Vou até a cozinha buscar mais cervejas. Regina vai comigo. Estou realmente feliz de poder curtir esta noite e dou uma bela gargalhada. Quando faço isso, sei que a vida vale a pena. Chego a me envergonhar um pouco dessa demonstração dionisíaca, mas Regina me olha com um sorriso de satisfação como se tivesse entendido o que se passa comigo neste instante... Ou vai ver que era apenas o meu interesse pelos seus pensamentos surgindo lentamente...

Levamos as latas até nossos amigos e sinto que seus olhos me perseguem. O álcool deixa a gente sensível e sem vergonha em proporções estranhas. Sua outra amiga, Cláudia, nem me deu bola. Tony e Marcus cercaram a musa de ébano sem deixar espaço e confesso que isto me deixou um tanto apreensivo. Mas Regina encosta-se em mim e pede para que dancemos. Deixo o coração fazer cento e oitenta graus. Resolvo então mostrar meus dotes de baile.

Johnny Boy já se atracara loucamente na frente do palco com duas das garotas que estavam conosco e Regina se empolgara com a idéia. Quando me dei conta estávamos dançando e nos beijando ao mesmo tempo ao som do The Who. Pareceu mágico. Fomos à sacada para nos curtirmos e ainda observar a festa.

French e Tony dançavam freneticamente com Cláudia e Marcus. Carlos tem um jeitão de dançar muito divertido e mexia a pélvis num rebolado gaulês-no-liquidificador hilário. Tony contentava-se em marcar a batida da bateria com o quicar de seu corpo, não menos desengonçado que o irmão. Observo-os sentado no parapeito abraçado à Regina. Eis que Julien aparece do nada entre eles, cochicha com Johnny e as meninas e depois com Marcus. De repente, somem por quinze minutos... e voltam possuídos pela caspa do diabo.
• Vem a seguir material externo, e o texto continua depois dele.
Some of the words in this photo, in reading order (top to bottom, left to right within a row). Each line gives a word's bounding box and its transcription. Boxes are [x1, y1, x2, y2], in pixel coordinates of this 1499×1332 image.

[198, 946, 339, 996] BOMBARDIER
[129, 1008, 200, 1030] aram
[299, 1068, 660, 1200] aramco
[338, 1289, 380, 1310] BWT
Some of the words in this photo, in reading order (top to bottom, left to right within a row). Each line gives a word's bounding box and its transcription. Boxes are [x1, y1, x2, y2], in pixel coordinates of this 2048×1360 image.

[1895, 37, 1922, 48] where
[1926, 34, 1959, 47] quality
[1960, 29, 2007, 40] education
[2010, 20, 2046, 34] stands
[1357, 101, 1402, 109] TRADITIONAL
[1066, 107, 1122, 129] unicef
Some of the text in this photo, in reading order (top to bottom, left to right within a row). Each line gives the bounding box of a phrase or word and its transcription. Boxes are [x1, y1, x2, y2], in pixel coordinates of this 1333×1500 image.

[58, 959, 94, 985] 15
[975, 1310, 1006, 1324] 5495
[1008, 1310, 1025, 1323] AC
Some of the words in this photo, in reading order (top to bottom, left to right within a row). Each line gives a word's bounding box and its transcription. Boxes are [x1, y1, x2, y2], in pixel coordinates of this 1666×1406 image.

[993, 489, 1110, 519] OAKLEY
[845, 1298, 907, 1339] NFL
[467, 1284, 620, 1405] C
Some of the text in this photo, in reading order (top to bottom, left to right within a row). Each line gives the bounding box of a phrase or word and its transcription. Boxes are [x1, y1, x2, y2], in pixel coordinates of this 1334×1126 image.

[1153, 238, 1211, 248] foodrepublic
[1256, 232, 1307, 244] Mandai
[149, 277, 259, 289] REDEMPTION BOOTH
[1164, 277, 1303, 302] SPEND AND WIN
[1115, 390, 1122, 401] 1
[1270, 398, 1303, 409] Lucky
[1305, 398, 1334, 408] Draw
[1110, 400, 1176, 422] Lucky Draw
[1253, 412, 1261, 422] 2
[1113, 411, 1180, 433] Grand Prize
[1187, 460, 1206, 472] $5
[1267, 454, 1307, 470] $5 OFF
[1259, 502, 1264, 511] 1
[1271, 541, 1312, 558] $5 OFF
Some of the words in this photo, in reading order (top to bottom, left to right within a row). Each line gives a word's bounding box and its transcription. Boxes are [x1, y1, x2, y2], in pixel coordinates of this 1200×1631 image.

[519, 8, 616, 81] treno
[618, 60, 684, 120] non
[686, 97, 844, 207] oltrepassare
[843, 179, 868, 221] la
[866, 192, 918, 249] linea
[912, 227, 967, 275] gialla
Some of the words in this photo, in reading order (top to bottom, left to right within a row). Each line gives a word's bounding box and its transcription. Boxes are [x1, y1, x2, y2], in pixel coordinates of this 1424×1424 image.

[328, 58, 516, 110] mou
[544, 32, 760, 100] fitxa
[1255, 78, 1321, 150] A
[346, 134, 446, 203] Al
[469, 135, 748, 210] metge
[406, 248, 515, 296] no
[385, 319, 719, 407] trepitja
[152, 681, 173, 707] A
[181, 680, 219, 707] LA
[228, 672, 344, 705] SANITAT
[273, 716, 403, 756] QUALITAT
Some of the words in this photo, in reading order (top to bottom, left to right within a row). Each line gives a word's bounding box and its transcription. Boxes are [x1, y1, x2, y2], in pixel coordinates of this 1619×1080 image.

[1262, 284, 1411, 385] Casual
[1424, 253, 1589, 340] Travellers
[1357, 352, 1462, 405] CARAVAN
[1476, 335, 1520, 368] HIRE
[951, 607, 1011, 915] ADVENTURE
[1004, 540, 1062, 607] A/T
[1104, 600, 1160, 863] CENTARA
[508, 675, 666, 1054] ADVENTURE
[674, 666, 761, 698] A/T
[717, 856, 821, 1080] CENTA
Agora meus amigos estavam mais agitados do que nunca. Olhos vidrados e uma tagarelice que conhecia bem. Essa é a onda do bright, você se sente mais afirmativo, seguro de si e do que pensa, desanda a falar de tudo que se passa na sua mente e curiosamente relaxa enquanto seus músculos brigam para manter seus dentes num sorriso diabólico. A sensação de poder é que ratifica os avisos do perigo quanto ao vício. Preferia decolar numa velocidade mais lenta a um estágio de consciência onde a interação com os meus amigos não passasse pela paranóia, efeito colateral direto desse lançamento a jato do teco ao inconsciente. Era com certeza uma subida maior e mais vertiginosa do que qualquer outra substância, mas sua queda era também a mais rápida. Com certeza, seu uso devia se restringir a algum ritual de concentração e autoconhecimento sério e não ao embalo das nights, que tornava o canudo necessário a cada quinze minutos. Realmente não sentia vontade de participar dessa furada esta noite.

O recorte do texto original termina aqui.